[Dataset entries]
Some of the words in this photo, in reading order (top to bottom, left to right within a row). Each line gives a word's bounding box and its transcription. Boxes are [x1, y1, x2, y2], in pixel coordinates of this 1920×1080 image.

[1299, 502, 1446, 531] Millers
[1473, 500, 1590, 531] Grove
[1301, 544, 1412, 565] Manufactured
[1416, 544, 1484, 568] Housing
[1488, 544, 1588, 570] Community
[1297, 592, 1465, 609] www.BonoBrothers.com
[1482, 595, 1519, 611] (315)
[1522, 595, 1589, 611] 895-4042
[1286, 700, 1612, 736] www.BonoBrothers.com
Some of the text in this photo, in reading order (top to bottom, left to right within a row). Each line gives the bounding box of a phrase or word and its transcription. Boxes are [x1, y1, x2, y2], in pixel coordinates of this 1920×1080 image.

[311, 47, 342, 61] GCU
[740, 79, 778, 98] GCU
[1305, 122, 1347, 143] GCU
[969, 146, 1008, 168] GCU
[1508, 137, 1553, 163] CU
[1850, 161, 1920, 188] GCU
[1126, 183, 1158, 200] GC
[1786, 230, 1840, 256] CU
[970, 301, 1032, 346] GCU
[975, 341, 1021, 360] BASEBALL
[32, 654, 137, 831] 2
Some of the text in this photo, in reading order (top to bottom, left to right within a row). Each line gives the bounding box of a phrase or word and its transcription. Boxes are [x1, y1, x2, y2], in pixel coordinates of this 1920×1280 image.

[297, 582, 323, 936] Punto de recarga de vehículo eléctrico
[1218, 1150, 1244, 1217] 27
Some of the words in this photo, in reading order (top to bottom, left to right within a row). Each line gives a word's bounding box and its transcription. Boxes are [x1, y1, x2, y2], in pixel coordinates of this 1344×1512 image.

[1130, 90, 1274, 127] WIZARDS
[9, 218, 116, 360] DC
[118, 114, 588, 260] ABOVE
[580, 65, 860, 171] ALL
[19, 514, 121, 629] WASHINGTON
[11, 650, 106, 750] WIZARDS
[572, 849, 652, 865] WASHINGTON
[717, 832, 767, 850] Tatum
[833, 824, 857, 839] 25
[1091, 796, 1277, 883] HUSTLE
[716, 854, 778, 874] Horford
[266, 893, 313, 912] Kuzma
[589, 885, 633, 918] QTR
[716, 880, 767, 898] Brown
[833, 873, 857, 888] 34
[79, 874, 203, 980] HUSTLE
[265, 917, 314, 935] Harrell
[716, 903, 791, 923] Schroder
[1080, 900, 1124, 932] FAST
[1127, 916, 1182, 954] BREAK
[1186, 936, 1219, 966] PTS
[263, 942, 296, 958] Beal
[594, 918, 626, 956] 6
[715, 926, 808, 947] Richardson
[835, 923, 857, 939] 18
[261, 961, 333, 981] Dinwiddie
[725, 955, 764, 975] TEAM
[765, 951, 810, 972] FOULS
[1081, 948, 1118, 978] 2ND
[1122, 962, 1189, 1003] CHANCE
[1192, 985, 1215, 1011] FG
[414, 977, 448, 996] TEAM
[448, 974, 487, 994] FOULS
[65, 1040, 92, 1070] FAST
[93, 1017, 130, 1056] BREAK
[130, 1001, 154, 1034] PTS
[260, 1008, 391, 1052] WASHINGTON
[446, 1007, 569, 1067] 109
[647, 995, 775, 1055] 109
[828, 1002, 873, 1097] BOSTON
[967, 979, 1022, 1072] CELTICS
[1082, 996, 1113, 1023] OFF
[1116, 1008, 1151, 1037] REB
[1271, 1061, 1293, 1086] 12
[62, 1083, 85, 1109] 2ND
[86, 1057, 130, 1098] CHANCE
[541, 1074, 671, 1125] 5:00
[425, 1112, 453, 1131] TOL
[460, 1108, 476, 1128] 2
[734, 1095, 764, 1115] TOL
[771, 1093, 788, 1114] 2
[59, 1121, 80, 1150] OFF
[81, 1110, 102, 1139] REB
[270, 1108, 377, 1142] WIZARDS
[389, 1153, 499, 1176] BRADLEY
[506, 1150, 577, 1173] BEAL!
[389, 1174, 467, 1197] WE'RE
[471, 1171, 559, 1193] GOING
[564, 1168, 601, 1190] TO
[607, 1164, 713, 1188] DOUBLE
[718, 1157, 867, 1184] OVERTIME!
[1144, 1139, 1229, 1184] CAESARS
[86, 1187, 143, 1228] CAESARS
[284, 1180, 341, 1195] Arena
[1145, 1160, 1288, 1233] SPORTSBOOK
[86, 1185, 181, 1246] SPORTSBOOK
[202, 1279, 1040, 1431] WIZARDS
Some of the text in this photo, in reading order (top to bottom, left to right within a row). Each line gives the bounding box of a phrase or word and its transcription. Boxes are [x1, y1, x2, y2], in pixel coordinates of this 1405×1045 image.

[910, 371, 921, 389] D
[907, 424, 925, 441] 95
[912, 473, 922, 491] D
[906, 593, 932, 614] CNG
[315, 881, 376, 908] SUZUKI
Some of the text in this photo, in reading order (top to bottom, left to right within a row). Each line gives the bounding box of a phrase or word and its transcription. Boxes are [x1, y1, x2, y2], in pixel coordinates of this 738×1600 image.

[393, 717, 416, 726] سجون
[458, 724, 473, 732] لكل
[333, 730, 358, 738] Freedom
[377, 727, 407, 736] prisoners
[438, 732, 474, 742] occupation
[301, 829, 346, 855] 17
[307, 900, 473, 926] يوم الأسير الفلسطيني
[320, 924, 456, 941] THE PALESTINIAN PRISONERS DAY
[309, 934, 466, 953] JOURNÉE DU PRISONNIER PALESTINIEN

### Exercise objective
Could you reproduce all of the entries above exactly?

### Answer space
Some of the words in this photo, in reading order (top to bottom, left to right within a row). Each line gives a word's bounding box and its transcription. Boxes are [x1, y1, x2, y2], in pixel coordinates of this 1920×1080 image.

[1299, 502, 1446, 531] Millers
[1473, 500, 1590, 531] Grove
[1301, 544, 1412, 565] Manufactured
[1416, 544, 1484, 568] Housing
[1488, 544, 1588, 570] Community
[1297, 592, 1465, 609] www.BonoBrothers.com
[1482, 595, 1519, 611] (315)
[1522, 595, 1589, 611] 895-4042
[1286, 700, 1612, 736] www.BonoBrothers.com
Some of the text in this photo, in reading order (top to bottom, left to right within a row). Each line gives the bounding box of a phrase or word and its transcription. Boxes are [x1, y1, x2, y2], in pixel coordinates of this 1920×1080 image.

[311, 47, 342, 61] GCU
[740, 79, 778, 98] GCU
[1305, 122, 1347, 143] GCU
[969, 146, 1008, 168] GCU
[1508, 137, 1553, 163] CU
[1850, 161, 1920, 188] GCU
[1126, 183, 1158, 200] GC
[1786, 230, 1840, 256] CU
[970, 301, 1032, 346] GCU
[975, 341, 1021, 360] BASEBALL
[32, 654, 137, 831] 2
Some of the text in this photo, in reading order (top to bottom, left to right within a row). Each line gives the bounding box of a phrase or word and its transcription. Boxes are [x1, y1, x2, y2], in pixel coordinates of this 1920×1280 image.

[297, 582, 323, 936] Punto de recarga de vehículo eléctrico
[1218, 1150, 1244, 1217] 27
Some of the words in this photo, in reading order (top to bottom, left to right within a row). Each line gives a word's bounding box and its transcription. Boxes are [x1, y1, x2, y2], in pixel coordinates of this 1344×1512 image.

[1130, 90, 1274, 127] WIZARDS
[9, 218, 116, 360] DC
[118, 114, 588, 260] ABOVE
[580, 65, 860, 171] ALL
[19, 514, 121, 629] WASHINGTON
[11, 650, 106, 750] WIZARDS
[572, 849, 652, 865] WASHINGTON
[717, 832, 767, 850] Tatum
[833, 824, 857, 839] 25
[1091, 796, 1277, 883] HUSTLE
[716, 854, 778, 874] Horford
[266, 893, 313, 912] Kuzma
[589, 885, 633, 918] QTR
[716, 880, 767, 898] Brown
[833, 873, 857, 888] 34
[79, 874, 203, 980] HUSTLE
[265, 917, 314, 935] Harrell
[716, 903, 791, 923] Schroder
[1080, 900, 1124, 932] FAST
[1127, 916, 1182, 954] BREAK
[1186, 936, 1219, 966] PTS
[263, 942, 296, 958] Beal
[594, 918, 626, 956] 6
[715, 926, 808, 947] Richardson
[835, 923, 857, 939] 18
[261, 961, 333, 981] Dinwiddie
[725, 955, 764, 975] TEAM
[765, 951, 810, 972] FOULS
[1081, 948, 1118, 978] 2ND
[1122, 962, 1189, 1003] CHANCE
[1192, 985, 1215, 1011] FG
[414, 977, 448, 996] TEAM
[448, 974, 487, 994] FOULS
[65, 1040, 92, 1070] FAST
[93, 1017, 130, 1056] BREAK
[130, 1001, 154, 1034] PTS
[260, 1008, 391, 1052] WASHINGTON
[446, 1007, 569, 1067] 109
[647, 995, 775, 1055] 109
[828, 1002, 873, 1097] BOSTON
[967, 979, 1022, 1072] CELTICS
[1082, 996, 1113, 1023] OFF
[1116, 1008, 1151, 1037] REB
[1271, 1061, 1293, 1086] 12
[62, 1083, 85, 1109] 2ND
[86, 1057, 130, 1098] CHANCE
[541, 1074, 671, 1125] 5:00
[425, 1112, 453, 1131] TOL
[460, 1108, 476, 1128] 2
[734, 1095, 764, 1115] TOL
[771, 1093, 788, 1114] 2
[59, 1121, 80, 1150] OFF
[81, 1110, 102, 1139] REB
[270, 1108, 377, 1142] WIZARDS
[389, 1153, 499, 1176] BRADLEY
[506, 1150, 577, 1173] BEAL!
[389, 1174, 467, 1197] WE'RE
[471, 1171, 559, 1193] GOING
[564, 1168, 601, 1190] TO
[607, 1164, 713, 1188] DOUBLE
[718, 1157, 867, 1184] OVERTIME!
[1144, 1139, 1229, 1184] CAESARS
[86, 1187, 143, 1228] CAESARS
[284, 1180, 341, 1195] Arena
[1145, 1160, 1288, 1233] SPORTSBOOK
[86, 1185, 181, 1246] SPORTSBOOK
[202, 1279, 1040, 1431] WIZARDS
Some of the text in this photo, in reading order (top to bottom, left to right within a row). Each line gives the bounding box of a phrase or word and its transcription. Boxes are [x1, y1, x2, y2], in pixel coordinates of this 1405×1045 image.

[910, 371, 921, 389] D
[907, 424, 925, 441] 95
[912, 473, 922, 491] D
[906, 593, 932, 614] CNG
[315, 881, 376, 908] SUZUKI
Some of the text in this photo, in reading order (top to bottom, left to right within a row). Each line gives the bounding box of a phrase or word and its transcription. Boxes are [x1, y1, x2, y2], in pixel coordinates of this 738×1600 image.

[393, 717, 416, 726] سجون
[458, 724, 473, 732] لكل
[333, 730, 358, 738] Freedom
[377, 727, 407, 736] prisoners
[438, 732, 474, 742] occupation
[301, 829, 346, 855] 17
[307, 900, 473, 926] يوم الأسير الفلسطيني
[320, 924, 456, 941] THE PALESTINIAN PRISONERS DAY
[309, 934, 466, 953] JOURNÉE DU PRISONNIER PALESTINIEN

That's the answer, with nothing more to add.